A security ship latched onto Kathaleen's podcraft, inching the small vessel through a swamp of other podcraft, skipships, and even a few destroyers. Despite first appearances, it was well organized. Ships were docked according to size, with the largest berths closer to the interior: that's where the destroyers were. At least two squadrons of them, Kathaleen noted. Probably a permanent security fleet. They were small, triangular designs, with a bulkier hexagonal rear that held the fuel cells and primary drive cone.

There was no discernable sway that usually came standard with floating structures. Typically, the antigravity generators had to compensate for air currents and shifting loads, which propelled the entire construct into a gentle rocking motion. But Pavillion was so massive that it didn't matter. It was like stepping onto solid ground.
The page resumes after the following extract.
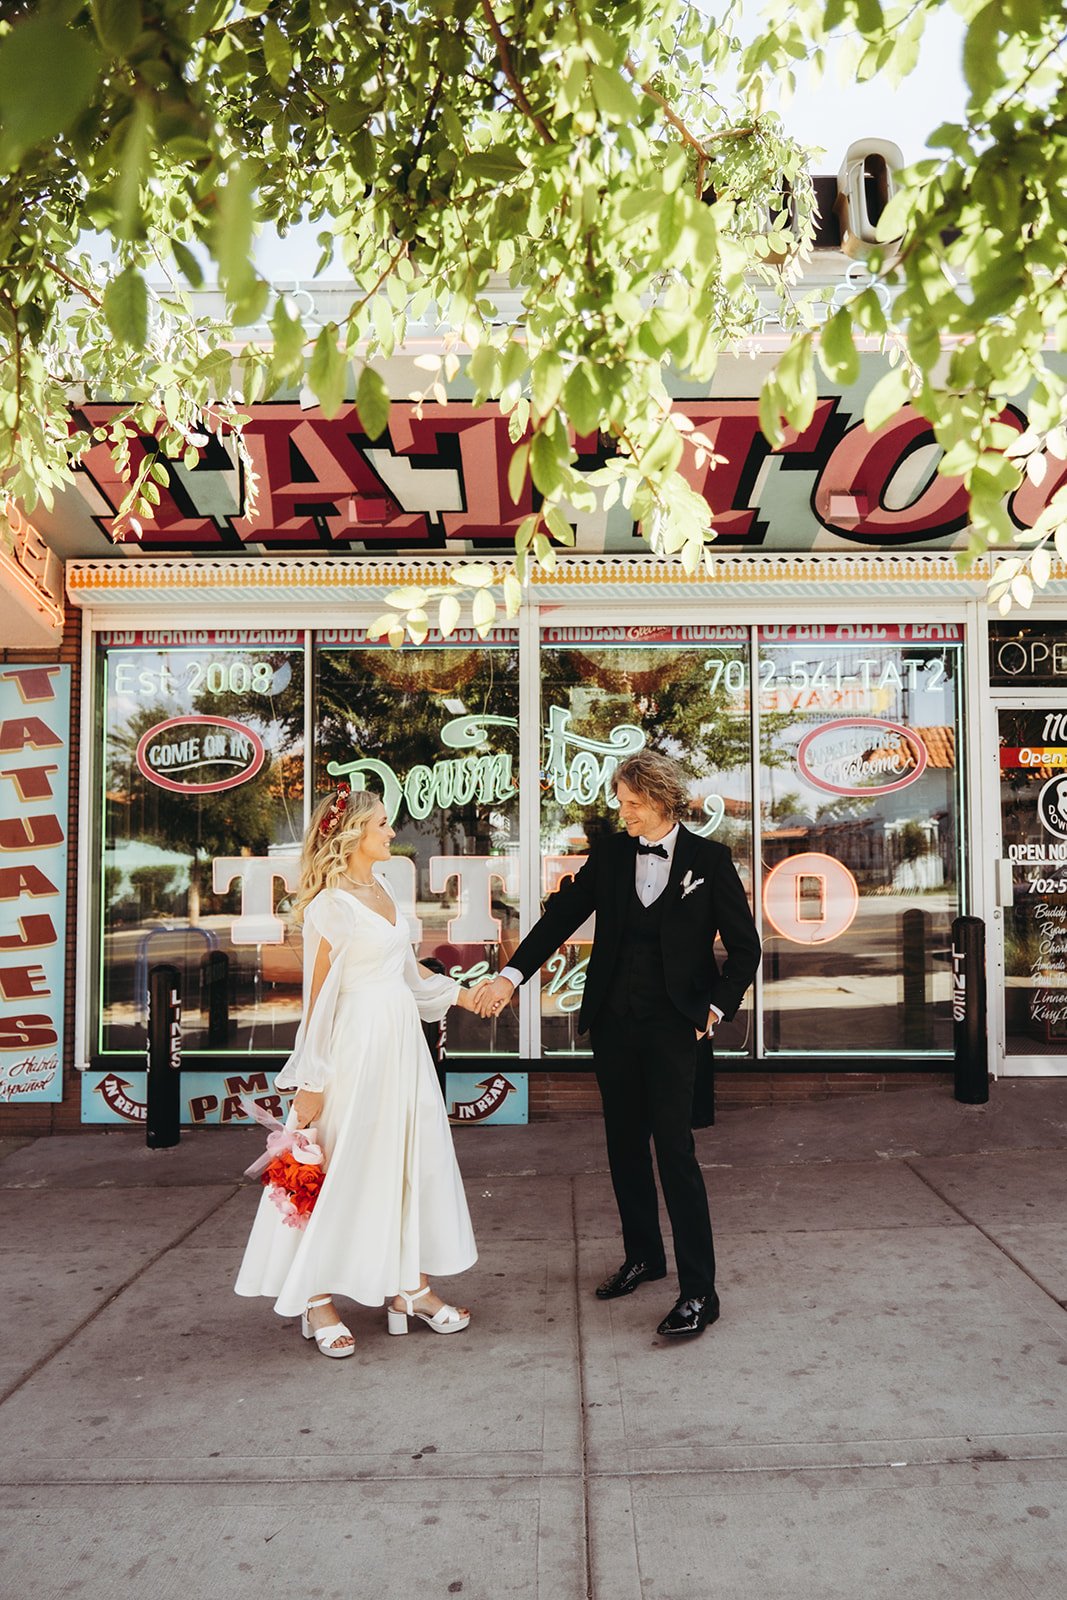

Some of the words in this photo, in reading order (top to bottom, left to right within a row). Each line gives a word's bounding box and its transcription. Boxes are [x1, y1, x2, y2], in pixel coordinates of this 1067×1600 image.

Everything was skinned in a smooth white ceramic, inlaid with bluish metal accents. A low wall was made in a similar fashion that ran along the length of the quay and, when combined with a nearly invisible shield, ensured an excellent view and patron safety. Lamp posts were erected a moderate distance apart in opposing pairs and cast a warm, slightly dim light, which gave the extravagant docks a strangely homey presence.

A valet met Kathaleen and her escort. He was a young, handsome man, quite dapper in a set of fine silks. And he was armed, of course. Beneath the folds of his coat, a weapon, probably a sidearm. They doubled as port security, Kathaleen guessed.

"Welcome to Pavillion." He flashed a disarming smile. "My name is Myles. I'm your escort."

Kathaleen extended her hand warmly. "Hello. Kathaleen Balliol. Nice to meet you."

"The pleasure is all mine. First time?"

Kathaleen nodded. "Yes. Quite impressive, I must say."

"Yes, yes. There's a lot to see. Should we have the time, I'm sure Doctor Wyatt would love to give you a tour."

"I'd like that," Kathaleen said.

"I'll have it arranged. Not many people get to visit Pavillion on the house. It's quite the opportunity."

"So I've heard. What's the average docking fee?"

"Well, space is limited, so most patrons use the public teleportariums. But a small berth for one day will run you somewhere in the range of 1,000 splinters." Myles smiled again. "So not cheap. It's the jewel of our kingdom, after all."

"A heavily-armed jewel," Kathaleen noted, glancing up. The security towers were a lot bigger up close.

Myles chuckled. "Yes. Well, one can never be too prepared."